Depois do tempo equivalente a alguns meses ter decorrido, começo a perceber desânimo no comportamento alheio. Aqueles que praticavam esportes diariamente passaram a deixar seu passatempo de lado, outros mais introvertidos já terminaram de ler todos os livros de seu interesse, e a sensação de desânimo começa a florescer.
Assim como constatei, a prorrogação e criação de mais eventos escolares deixou de surtir efeito. Ao torná-los uma normalidade, perderam o seu apelo. Naturalmente, após tanto tempo confinados, ninguém mais quer saber de realizar estas atividades, todos querem voltar para as suas casas, para as suas vidas.
— Ei, o que você tem? Vamos jogar tênis?
— Deixa para outra hora, estou me sentido um pouco tonto e enjoado.
Também percebo este padrão. Antes eram somente alguns dentre milhares de estudantes que necessitavam ir a enfermaria, este fenômeno está se tornando mais comum. Sensibilidade a este mudo de repetições ou seja lá qual for a causa deste fenômeno, isto não me causa boa impressão.
Mikoto, Ailiss e eu não chegamos a nenhuma solução. Eventualmente passamos a gastar mais tempo na gestão do corpo discente do que na resolução do looping em si.
Quem aparenta não ter gostado nem um pouco da ideia é o antigo cão de Mikoto, Takashi. Até tive certa aproximação a ele durante as inúmeras repetições que precisei executar, mas não acho que nada que eu lhe diga vá acalmar seus ciúmes doentios.
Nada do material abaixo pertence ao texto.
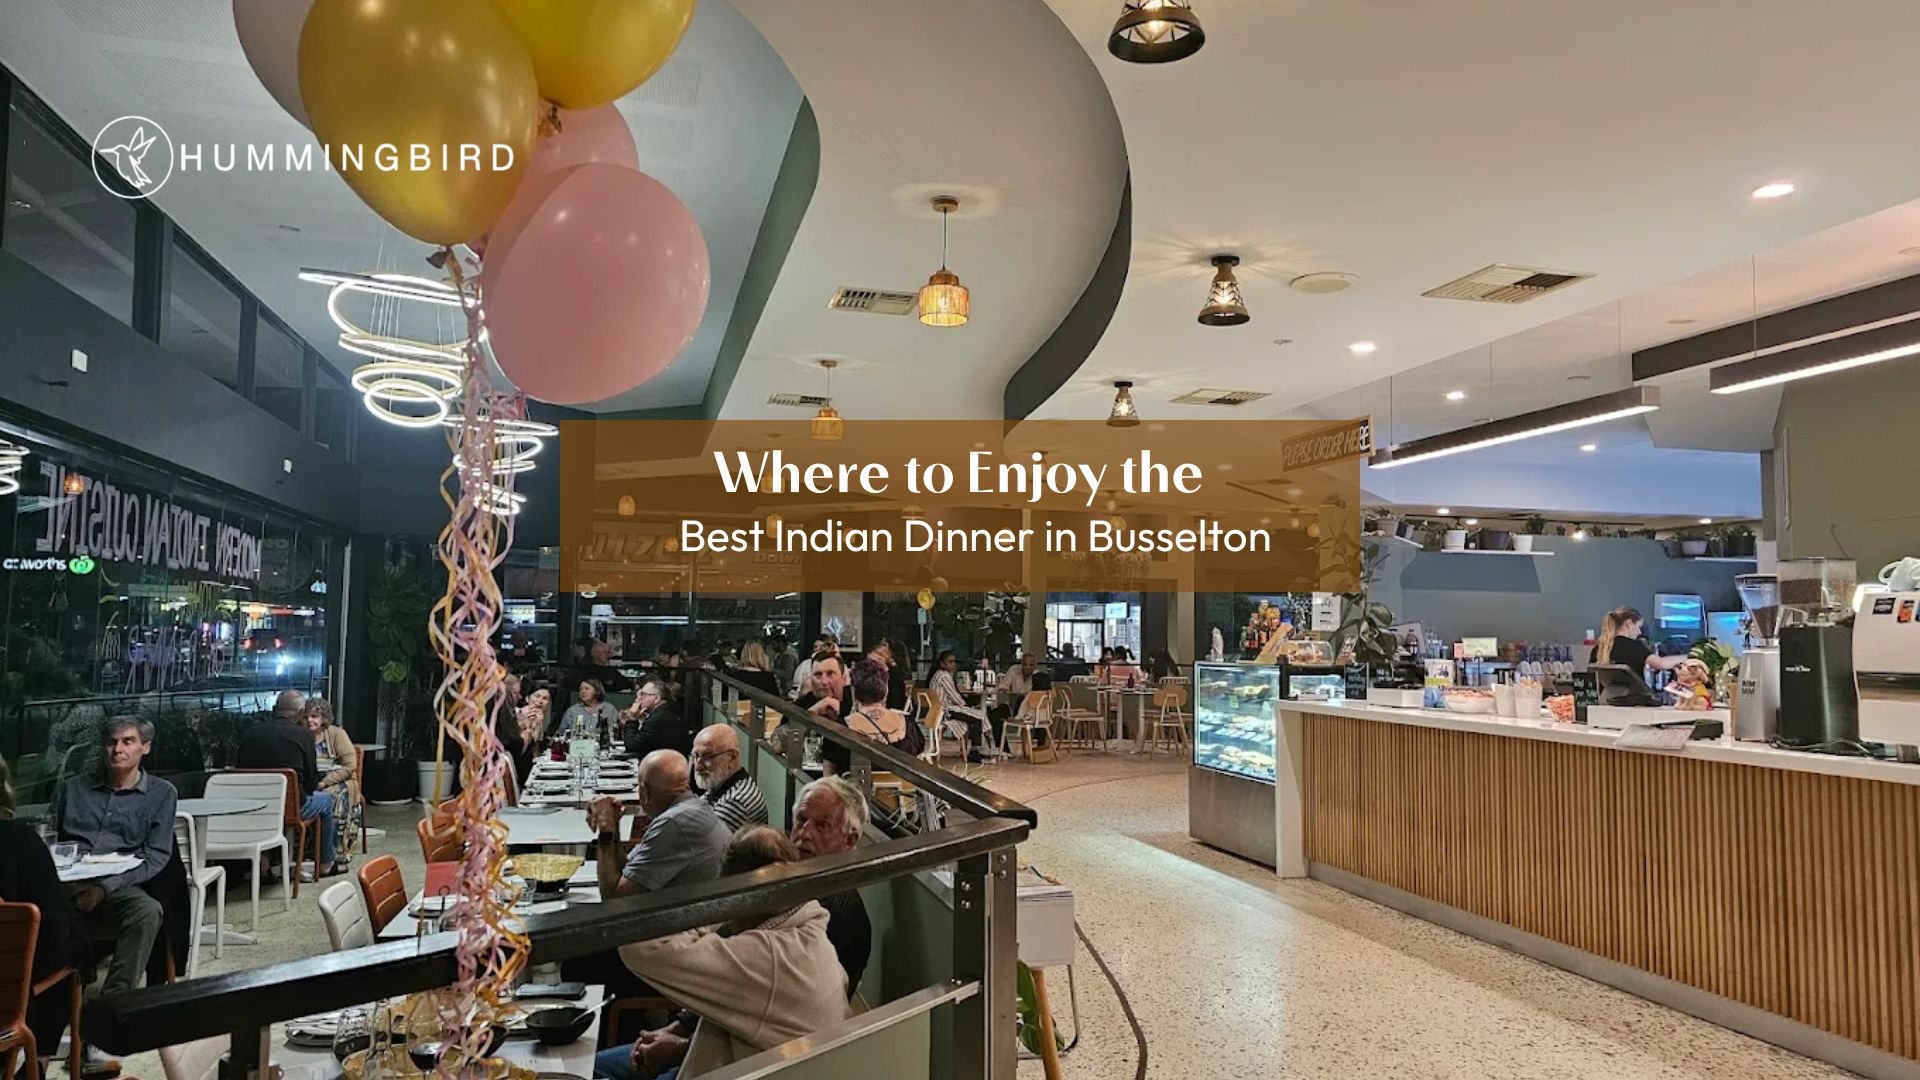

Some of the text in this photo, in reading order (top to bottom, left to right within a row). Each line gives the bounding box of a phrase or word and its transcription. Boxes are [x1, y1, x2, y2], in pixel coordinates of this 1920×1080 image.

[1284, 425, 1371, 467] PLEASE ORDER HERE
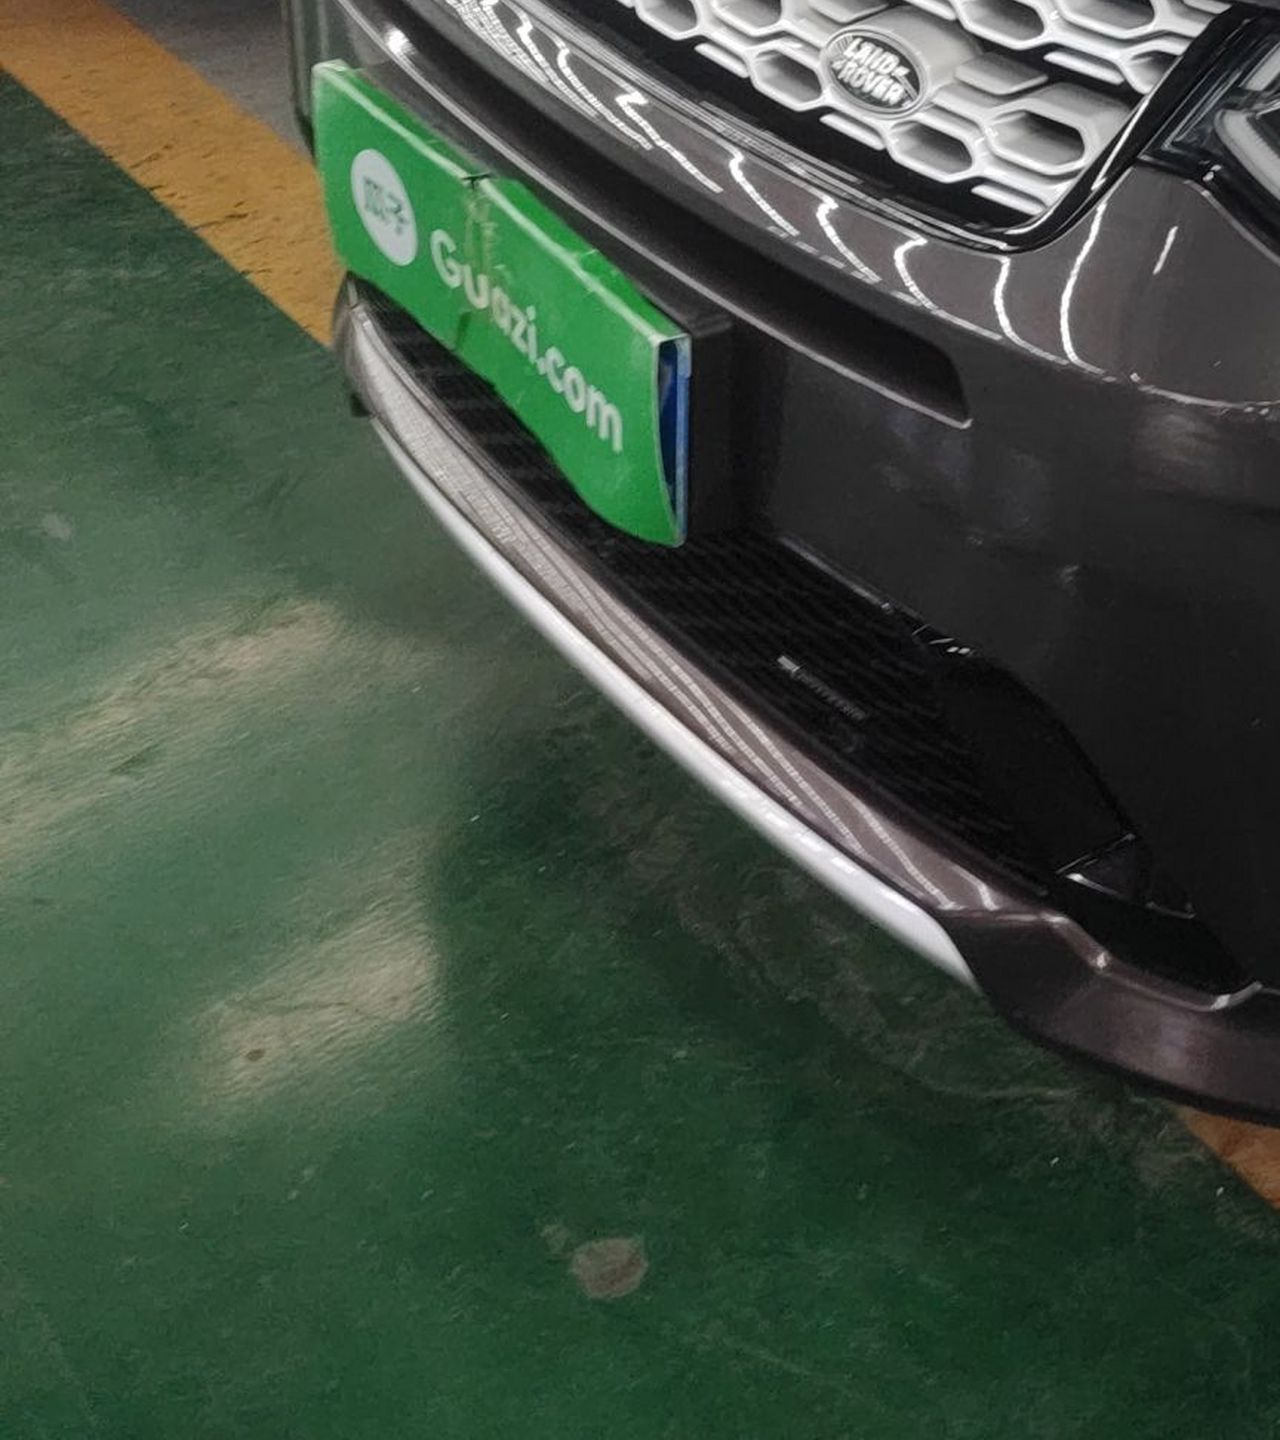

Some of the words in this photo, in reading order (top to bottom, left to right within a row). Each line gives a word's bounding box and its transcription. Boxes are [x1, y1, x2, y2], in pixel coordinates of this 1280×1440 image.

A tentativa de assassinato que sofri daquela vez na enfermaria comprova isso. Jamais ele admitiria que a Mikoto desse muita atenção a outrem.
— Fique longe dela, não irei dizer isso duas vezes — diz Takashi ao me encontrar sozinho na sala do conselho.
Mal ele sabe quantas vezes passamos por um diálogo semelhante. No final acabei tomando medidas horrendas para silenciá-lo, entretanto não pretendo repetir o mesmo erro.
A partir de agora, a morte de todos eles será definitiva. Tentar poupar a vida de cada um deles ao máximo é uma forma de me redimir das insanidades cometidas por mim nos meus momentos de insanidade.
Mesmo assim…
— Não me leve a mal, mas estou apenas cumprindo as ordens que me são passadas. Se ela decidiu que eu devo realizar tal tarefa, não posso fazer nada. Se quiser reclamar com alguém, terá de reclamar com ela, todavia acredito que ela não irá gostar de uma oposição às suas opiniões, seja da minha parte, seja da sua.
Ao mesmo tempo em que não quero desenfrear num conflito, assim como já fiz, não posso simplesmente acatar as ordens dele. Se eu simplesmente obedecê-lo, estarei lhe dando certa autoridade. Não posso trocar a liberdade de Mikoto meramente por buscar conter seus impulsos psicopatas.
— Se fosse apenas isto… vocês se tornaram bastante íntimos, não é verdade? A Kaichou nunca interagiu tão intimamente quanto está com você e com a garota intercambista. O que vocês dois fizeram a ela? Acha que vai me enganar tão fácil? Eu sei que estão a manipulando — ajusta seus óculos — Então repito, afaste-se dela.
— Dentre todas as pessoas, você acha que ela seria manipulada? Estamos falando da mesma Mikoto? — suspiro e volto a falar — Vou explicar de novo e serei franco. É ela que quer passar seu tempo de lazer comigo e com Ailiss. Você não pode restringir isso, a vida é dela e ela sabe o que é melhor para si própria. Eu não quero nenhum desentendimento com você, espero que possa entender isso.
— Não… Você a enganou… você a EngaNoU! — grita com os olhos arregalados.
Ele está ficando no mesmo estado quando o provoquei daquela vez, contudo neste caso foi espontâneo, e também não me encontro numa situação vulnerável como na situação da enfermaria. O passar do tempo deve ter sido o suficiente para que a inveja o enlouquecesse.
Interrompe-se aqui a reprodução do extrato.